Since then, with exclusive posts about a wide variety of topics and the most recent news from Nigeria available outside that country, even the Dow Jones News Service has reportedly used information first posted here to originate stories of its own.

Google does not list any site until other sites began linking to it; a new site that is not linked-to will not appear there. Usually, it takes months if not longer to move to near the top of Googles' hit list unless the search term is one rarely entered. There is wide interest in ERHC and other companies seeking nine oil blocks offered by the Nigeria-Sao Tome and Principe Joint Development Authority.

The breakthrough came with as mention of the blog by American Reporter Correspondent Bob Gelfand in a front-page story in The American Reporter that appeared Monday morning.

Now ERHC On The Move appears behind Yahoo Finance, FreeRealTime and Investor's Hub, as well a non-profit helicopter organization also known by the acronym ERHC. It appears ahead of listings for Bloomberg.com, Rig Zone, Investor's Guide, Lycos Finance and thousands of other sites, making it a principal source of information for Internet-savvy investors around the globe.

The American Reporter (http://www.american-reporter.com) was the first and is the oldest original news site on the Internet, and also now the largest with more than 13 megabytes of text files that do not include archived materials. It was founded on April 10, 1995.

Update 1/14/05 9:35am: ERHC On The Move has risen above Yahoo Finance in the Google hits index for the search term ERHC, and has gotten an explanatory blurb. Bloomberg.com, which was in 8th place, moved to 6th, one place ahead of this blog.

Update, 1/16/05, 2:15am: Yahoo has moved back ahead of us, but Bloomberg.com hads fallen behind, and ERHC On The Move remains in the No. 7 spot.

Update, 2/6/05, 4:38pm ERHC On The Move has climbed to No. 5 on the list of relevant hits on Google, the world's foremost search enginem, and Google has added advertising to the site.

2 comments:

Anonymous said...

Joe Must Read! Lends credence to one of your earlier theories...
Daily Champion Lagos
HOUSE of Representatives yesterday initiated moves to compel oil producing companies to establish own refineries in the country.

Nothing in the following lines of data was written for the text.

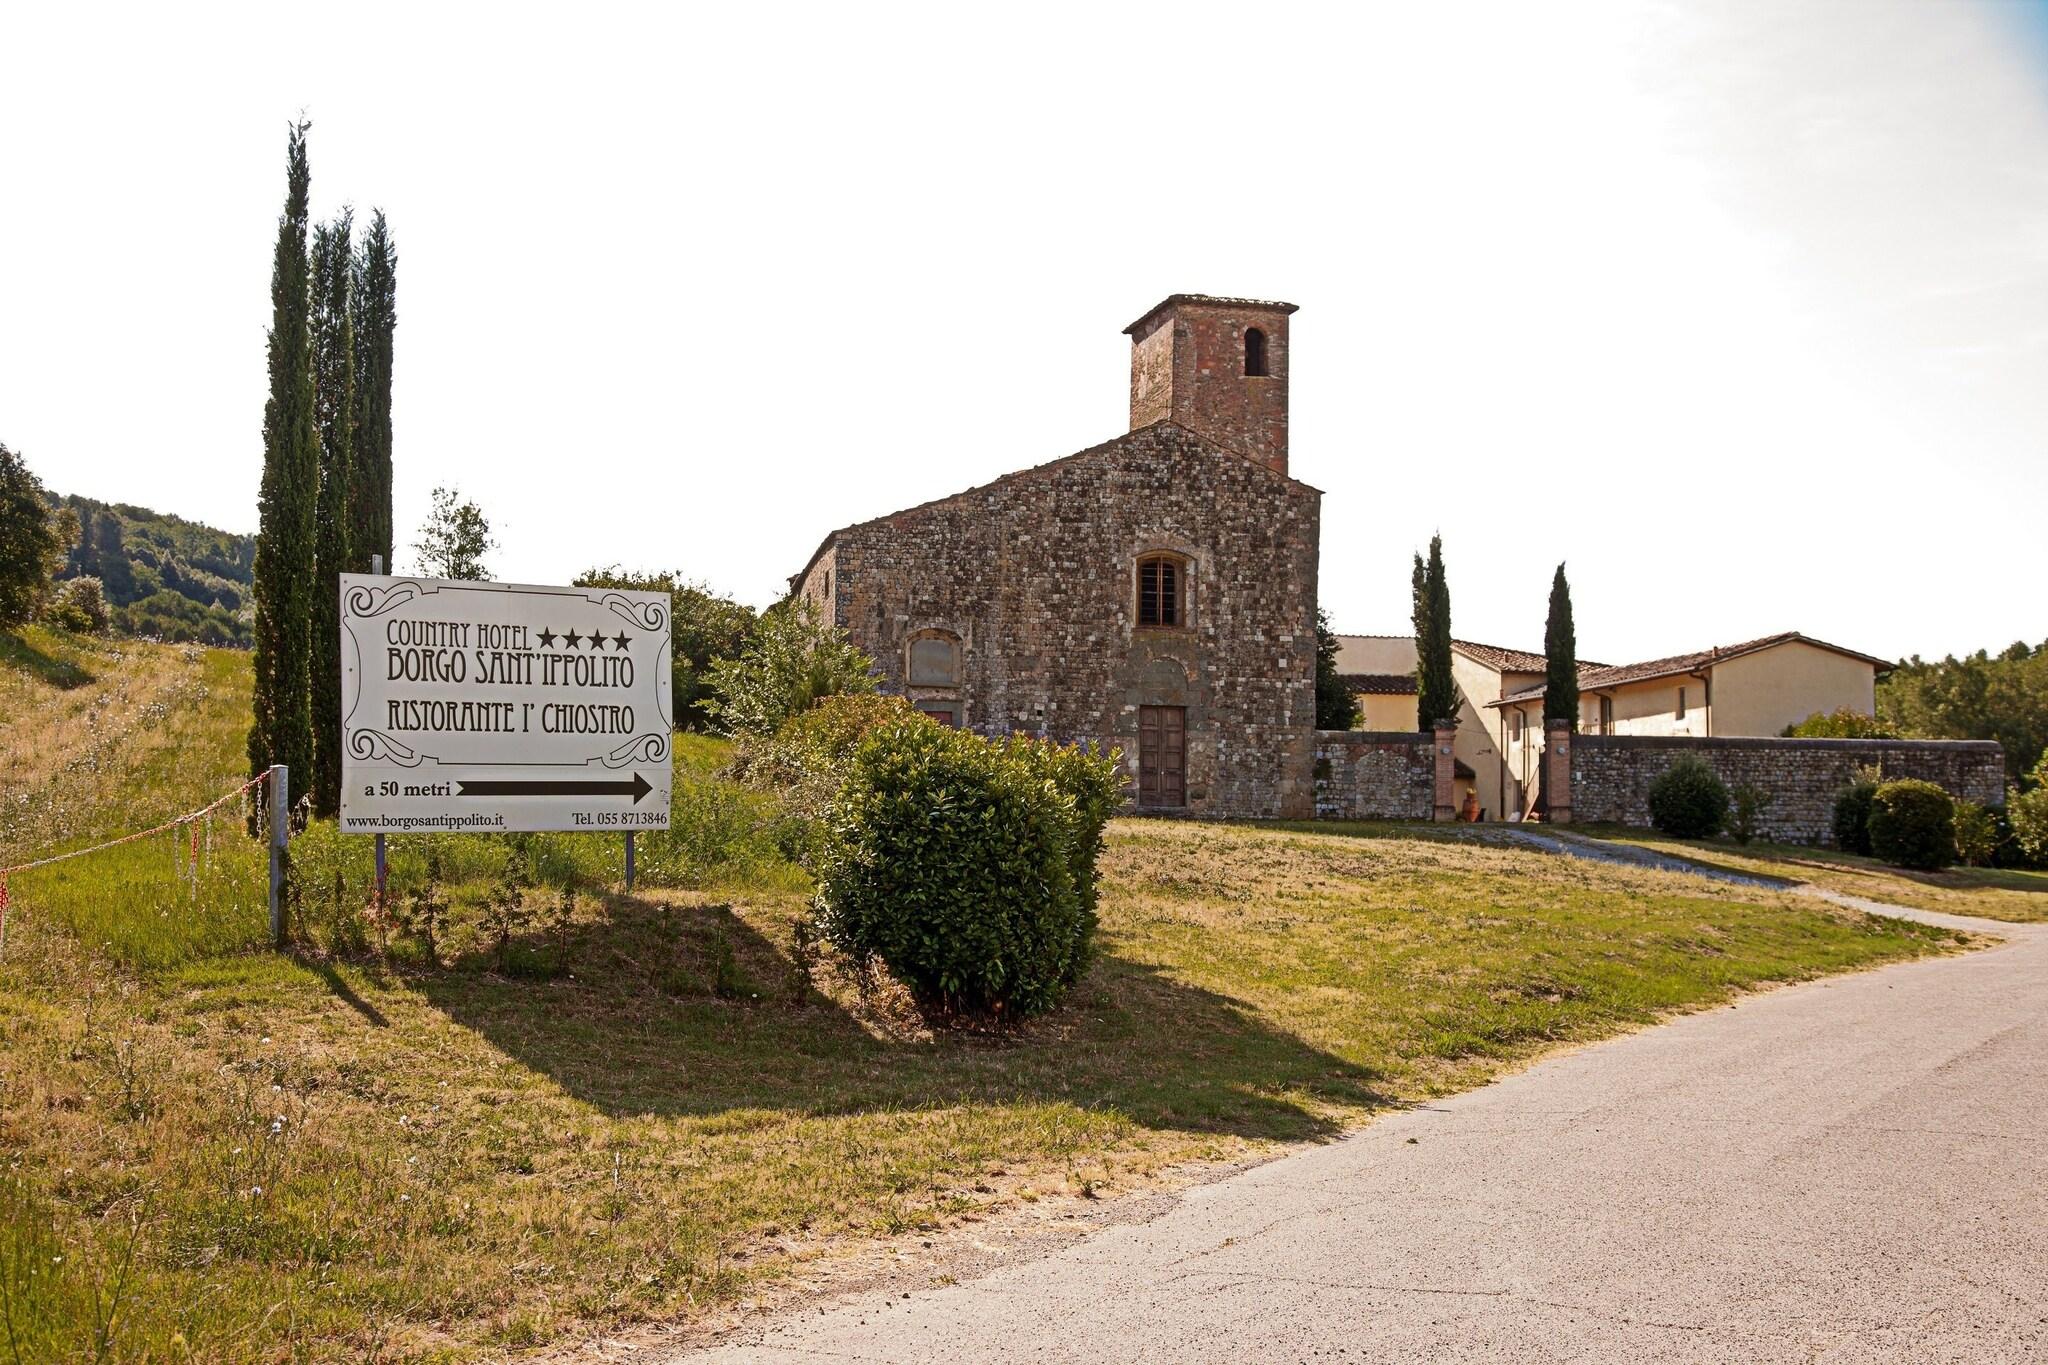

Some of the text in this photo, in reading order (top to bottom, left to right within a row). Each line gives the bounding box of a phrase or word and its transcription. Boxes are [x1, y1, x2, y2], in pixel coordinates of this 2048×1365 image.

[387, 619, 532, 651] COUNTRY HOTEL
[387, 648, 634, 688] BORGO SANT'IPPOLITO
[387, 700, 515, 732] RISTORANTE
[542, 704, 635, 734] CHIOSTRO
[364, 781, 451, 796] a 50 metri
[347, 813, 504, 830] www.borgosantippolito.it
[572, 812, 667, 825] Tel. 055 8713846

The legal framework, which will also mandate the multinationals to locally refine their crude oil production in a phased ratio, is contained in a proposed amendment to the Petroleum Act.

Tagged a Bill for an Act to amend the Petroleum Act Cap 350 laws of the Federation, 1990, the bill which passed first reading yesterday, also seeks to outlaw contract employment in the nation's oil industry.

Chairman, House Committee on Petroleum, Hon. Ciro Ojougboh, who spoke on the proposed legislation, said the measure when operational, will also create jobs for teaming unemployed youths.

"We are now determined to compel oil producing companies to establish their own refineries in the country. When this starts, they will refine 25 per cent of all their production locally.

"And within the next five years, they will be expected to raise it to 50 per cent and then 100 per cent in the next 10 years.

"We are going to embrace what obtains in Venezuela where all their crude oil is refined locally before export . And the benefits are enormous.

"You can not imagine what is going to happen. We are going to have industrial revolution in Nigeria. We are going to have wealth. We are going to create it. We are going to have employment, in fact, at the level that you can not imagine.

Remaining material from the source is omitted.